Kota Poki adalah sebuah kota di propinsi Shan-si, kota yang cukup besar dan ramai. Tembok kotanya tinggi dan keadaan kota itu cukup subur dan makmur karena selain letaknya di kaki gunung Cin-ling-san, juga disebelah selatan kota ini mengalir Sungai Wei-ho yang airnya cukup untuk keperluan para petani didaerah itu. Pintu gerbang-pintu gerbang kota selalu terbuka lebar dan orang-orang hilir mudik keluar masuk pintu gerbang, berikut-kereta-kereta yang membawa banyak dagangan. Selain ini, juga sebagai kota pelabuhan sungai, banyak barang mengalir masuk atau keluar melalui jalan sungai, menambah kesibukan para pedagang di dalam kota. Lu Sian tidak mau memasuki kota itu dengan kudanya.
Selain kuda yang ia tunggangi adalah kuda milik Pang-ciangkun yang mungkin akan dikenal orang, juga kedatangannya ke kota itu adalah untuk menyelidiki Kam Si Ek. Ia menitipkan kudanya pada seorang petani yang tinggal di dusun sebelah selatan kota, kemudian ia melanjutkan perjalanan dengan jalan kaki. Sebuah perahu menyeberangkannya ke kota Poki dan ia memasuki kota yang ramai itu sambil berjalan perlahan. Akan tetapi, kemanapun juga Liu Lu Sian pergi dan dimanapun ia berada, selalu gadis ini menjadi perhatian orang. Tak lama sesudah ia masuk kota Poki, segera ia menjadi pusat perhatian, terutama laki-laki, yang terpesona oleh kecantikannya yang luar biasa. Lu Sian tidak pedulikan mereka ini sungguhpun keadaan macam ini selau mendatangkan rasa bangga di dalam hatinya.
Yakin akan kecantikannya yang membikin semua orang laki-laki menoleh untuk mengaguminya, Lu Sian berjalan dengan langkah cepat, lalu masuk kedalam rumah penginapan yang cukup besar, memesan kamar. Setelah berada dirumah penginapan, bebaslah ia daripada perhatian orang di jalan, sungguhpun beberapa orang tamu penginapan dan para pelayan tetap saja menatapnya dengan pandang mata serigala jantan kelaparan! Karena tidak ingin menarik perhatian banyak orang, Lu Sian memanggil seorang pelayan mendekati kamarnya, seorang pelayan yang sudah setengah tua dan berwajah jujur.

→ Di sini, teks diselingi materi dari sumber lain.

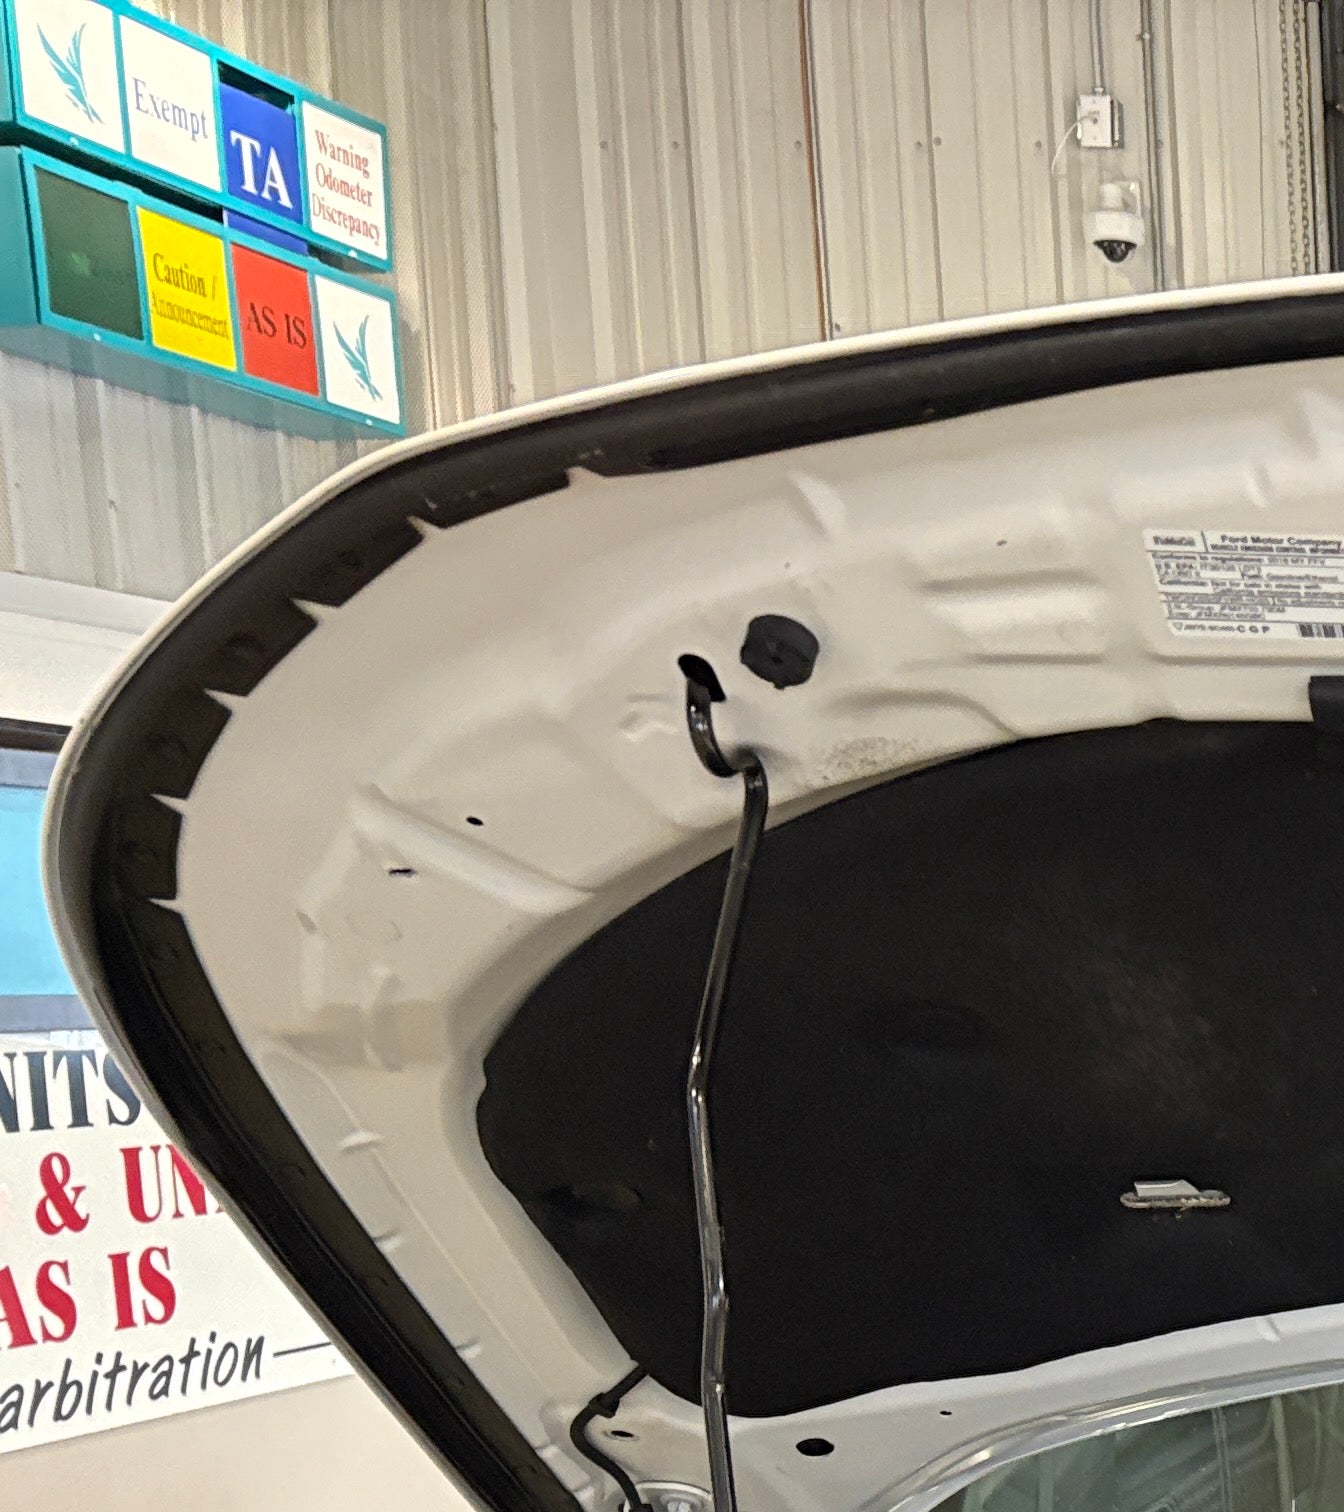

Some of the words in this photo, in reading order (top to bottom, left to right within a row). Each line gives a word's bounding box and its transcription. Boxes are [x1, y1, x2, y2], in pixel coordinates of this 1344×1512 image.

"Paman pelayan, tahukah kau dimana letaknya Klenteng tee-kong bio di kota ini? Aku hendak pergi bersembahyang kesana."
Muka yang membayangkan kejujuran itu berkerut-kerut, lalu Si Pelayan menengok kekanan kiri lebih dulu, baru menjawab dengan suara perlahan.
"Nona, kalau hendak bersembahyang, banyak kelenteng-kelenteng ternama di kota ini. Mengapa harus kesana? Lebih baik ke Kwan-im-bio disebelah timur jembatan besar, atau ke Hai-ong-bio didekat sungai atau..."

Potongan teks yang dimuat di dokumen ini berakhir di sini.